Calvin n’est guère partisan, on le voit, de ce fameux libre examen dont on persiste à lui attribuer l’invention, par une erreur assez inexplicable. Mais les pires adversaires de l’Église ne sont pas toujours au-dehors. Voici ceux qui préfèrent la paix selon le monde à la vérité combattante :
Je m’adresse à ceux qui abusent du nom de la chrétienté pour nourrir une paix fardée !
Voici ceux qui voudraient confondre la véritable grandeur de l’Église avec « une façon de royaume mondain ». À ceux-là, Calvin rappellera que notre condition chrétienne est celle du conflit dialectique :
L’Église est ordonnée à cette condition de batailler continuellement sous la croix, tant qu’elle aura à cheminer en ce monde.
Voici enfin les « libertins », ceux que nous appelons libéraux qui « gazouillent » à tort et à travers et se répandent en orgueilleuses « baveries », et ceux « qui se ruent contre Dieu d’une impétuosité enragée à la façon des frénétiques, et tombent en de grands abîmes ou se rompent le col en s’aheurtant ».
Cet étonnant traité, tour à tour éloquent à l’antique ou rabelaisien dans la satire, pourrait en somme s’intituler : Réforme contre Renaissance. Mais toutes les richesses de style que produisit ce siècle bouillonnant ont passé dans l’attaque de Calvin : il a su prendre à l’adversaire ses meilleures armes. Au sujet de ce style, dont l’exemple n’est pas l’un des plus négligeables que comportent les Trois traités, M. Schmidt nous propose quelques définitions fort bien venues :
Qui veut comprendre, dans son essence, le génie littéraire de Calvin, ne doit jamais omettre que celui-ci se considérait comme ministre du Verbe divin. Prêcher l’Évangile, c’est à son sens engager le dialogue avec toutes les catégories d’hommes, avec toutes les espèces de créatures. Dialoguant toujours avec les plus divers interlocuteurs, il ne se range jamais, comme un littérateur de second ordre, aux lois d’une esthétique préconçue, mais il adopte toujours la forme de discours la plus propre, sinon à charmer du moins à toucher son antagoniste ; l’art de Calvin est fait de soumission absolue à l’objet proposé : tout en portant la marque d’une des plus puissantes personnalités qui fut jamais, il se recrée toujours lui-même.

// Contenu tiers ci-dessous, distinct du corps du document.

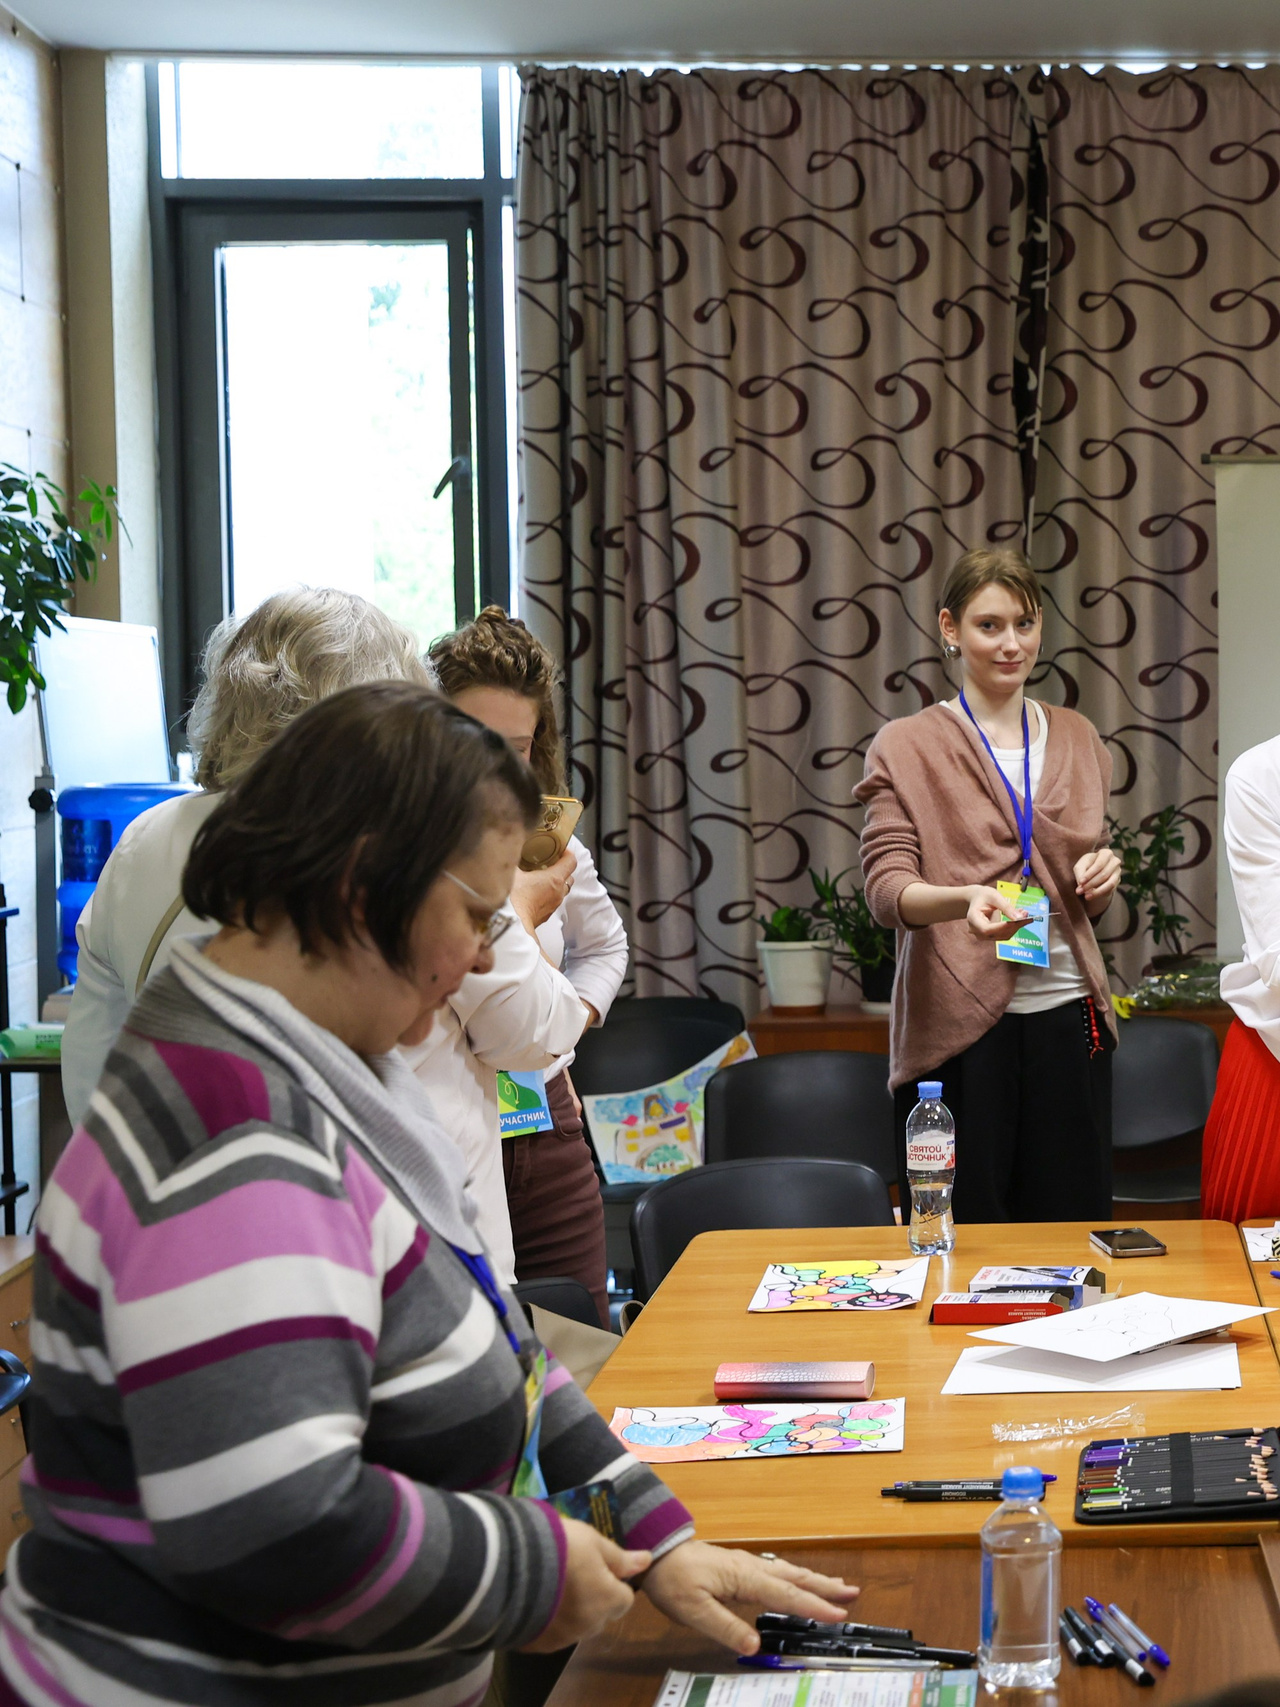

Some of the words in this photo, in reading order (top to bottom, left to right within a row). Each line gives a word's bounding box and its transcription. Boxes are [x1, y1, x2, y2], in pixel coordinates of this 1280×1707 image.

[1012, 936, 1044, 947] АНИЗАТОР
[1012, 949, 1033, 959] НИКА
[500, 1110, 546, 1127] УЧАСТНИК

Soumission du langage à l’objet spirituellement dominé : telle serait la formule du classicisme de Calvin. D’une vivacité presque baroque dans les Scandales, orné et pompeux dans l’Épître, sobre et grave dans le Traité de la Cène, ce style garde partout les vertus qui, sans doute, font le plus grand défaut à notre siècle : une fermeté délibérée qui ne s’arrête pas complaisamment à des trouvailles, une sobriété vigoureuse dans l’exposé des sic et non, enfin ce ton naturel de grandeur qui s’accommode des plus savoureux contrastes, coupant court aux élans de pure rhétorique, cet accent dont un romantisme tour à tour alangui ou excité nous a fait perdre le secret. Notre langage moderne relève à peine de deux maladies graves : la contention abstraite du xviie et la dissolution voluptueuse du xixe. Il m’apparaît que le style d’un Calvin peut nous être un puissant roboratif. Et ceci pour deux bonnes raisons. D’abord Calvin était chef de parti ; qui plus est, fondateur d’Église ; donc doublement conscient de la responsabilité de ses paroles.
Or, rien ne confère au langage une aussi poignante vertu que cette conscience d’une mission à remplir et d’un dialogue à soutenir avec l’époque. Notre culture périt d’être par trop « irresponsable ». Peut-être nous faut-il revenir vers les chefs pour apprendre à nouveau ce que parler veut dire. Ensuite, n’oublions pas que la plupart des écrits français de Calvin — c’est le cas de ces Trois traités — furent traduits par lui-même du latin. D’où la jeunesse de cette langue et sa sobriété monumentale. Là encore, la leçon de Calvin serait celle d’un retour aux origines. Voilà la seule révolution qui compte pour l’esprit. Elle doit commander toutes les autres.